Eight years later I stand by that sentiment; given that we all still regularly tune into Ancient Jew Review and not some bigger and baggier tent in which, potentially, that Jewish center has drifted back to the margins, the editorial leaders seem to continue to agree with me.
What does the future hold for Ancient Jew Review? I hope it continues to remain both rigorous and creative, valuable to scholars and accessible to civilians. It is a site where I have written (and now spoken) about my recent book projects, discussed exciting new work on “Blackness and the Bible” with Nyasha Junior, reviewed a book on a “scandalous gospel,” and confessed how eight-year old Andrew was indelibly marked by D’Aulaires’ Greek Myths. I find it a congenial and responsive place to think about antiquity and religion and routinely recommend folks consider publishing there. I regularly put AJR content on my course syllabi. When one of the editors asks me if I’d like to contribute (as with this retrospective piece), my answer remains the same as it was ten years ago: “yes, and.”

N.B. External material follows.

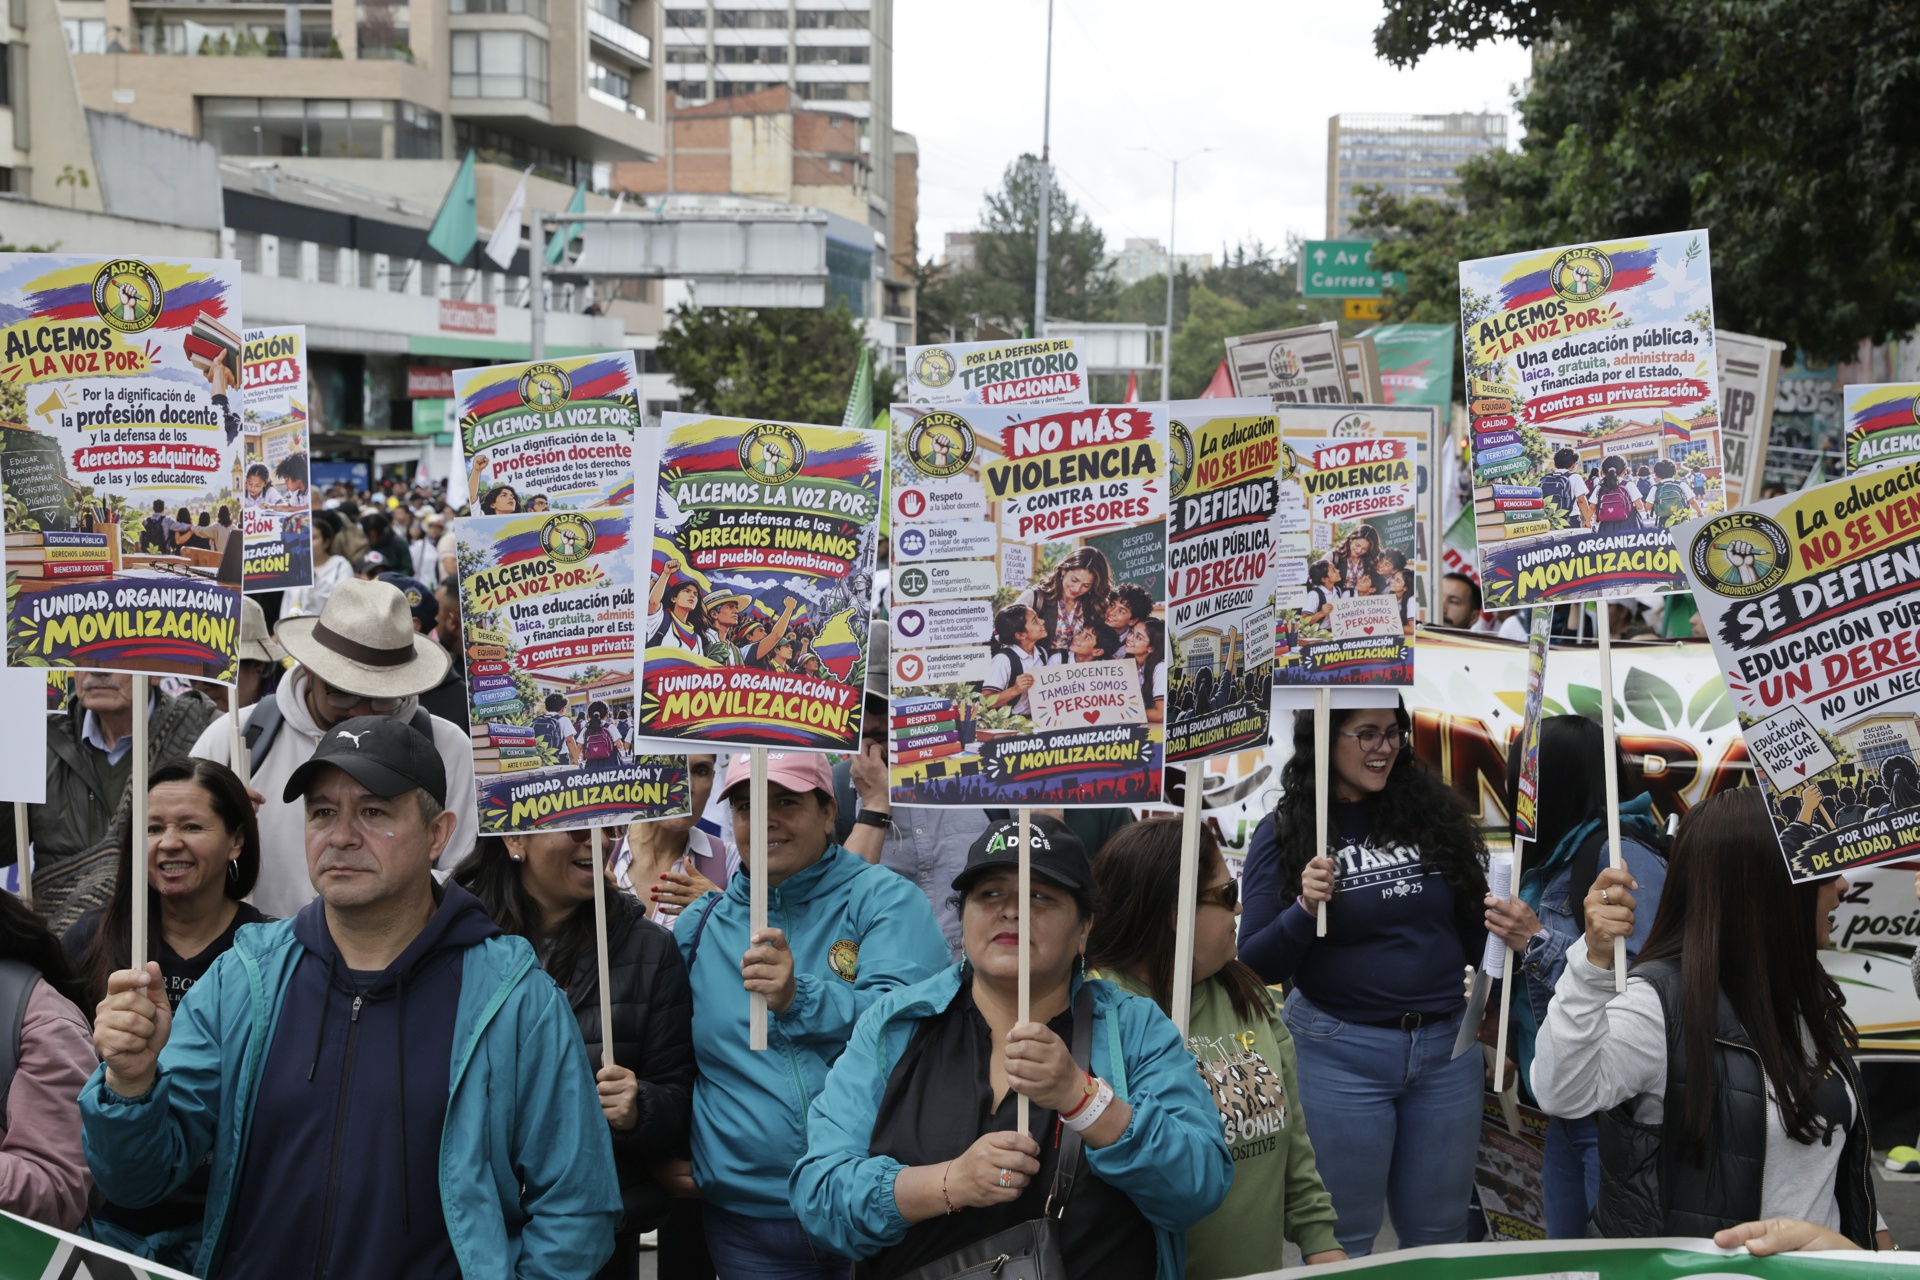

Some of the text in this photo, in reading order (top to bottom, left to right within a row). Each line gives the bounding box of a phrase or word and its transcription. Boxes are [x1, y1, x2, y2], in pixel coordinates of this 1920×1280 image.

As I look back over ten years of AJR, I marvel at the lightning that Krista, Simcha, and Nathan captured in a bottle. They succeeded in creating an intellectual commons that remains thoughtful and accessible, reliable yet innovative. That the editors have succeeded in the precarious climate of higher education in the U.S. is even more remarkable, but we should not lose sight of that precarity. Two of the founding editors are full-time faculty (Krista has recently been tenured); the third, however, has left the academy. The website continues to run on the donated labor of its editors and writers, a volunteer community of the mind.

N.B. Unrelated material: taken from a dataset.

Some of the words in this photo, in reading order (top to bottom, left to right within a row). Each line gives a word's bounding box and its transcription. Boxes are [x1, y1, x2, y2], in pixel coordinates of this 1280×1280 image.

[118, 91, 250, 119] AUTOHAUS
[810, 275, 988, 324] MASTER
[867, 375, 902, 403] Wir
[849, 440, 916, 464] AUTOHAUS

I encourage as many of us as possible to continue to support this endeavor in whatever ways we can. If you are a working scholar at any stage, from graduate student to emerita, full or part time, consider submitting your work to AJR or reaching out to one of the editors to discuss developing an essay, crafting a review, or sharing your pedagogical brilliance. If life has taken you away from regular engagement with scholarship, I urge you to consider AJR a place where you can continue to derive intellectual sustenance and community at your own pace, one of the few remaining spaces that does not put up monetary or institutional roadblocks to access but remains free and open to all. You and I do not know what the academic landscape will look like in 2034, but it is my fervent hope that vibrant virtual spaces like AJR will continue to welcome the conscientious and curious student of ancient religions to join in its mission of exploration, collaboration, and better understanding of life in antiquity.
Andrew S. Jacobs is a Senior Fellow at the Center for the Study of World Religions at Harvard Divinity School and author most recently of Gospel Thrillers and The Life of Thecla.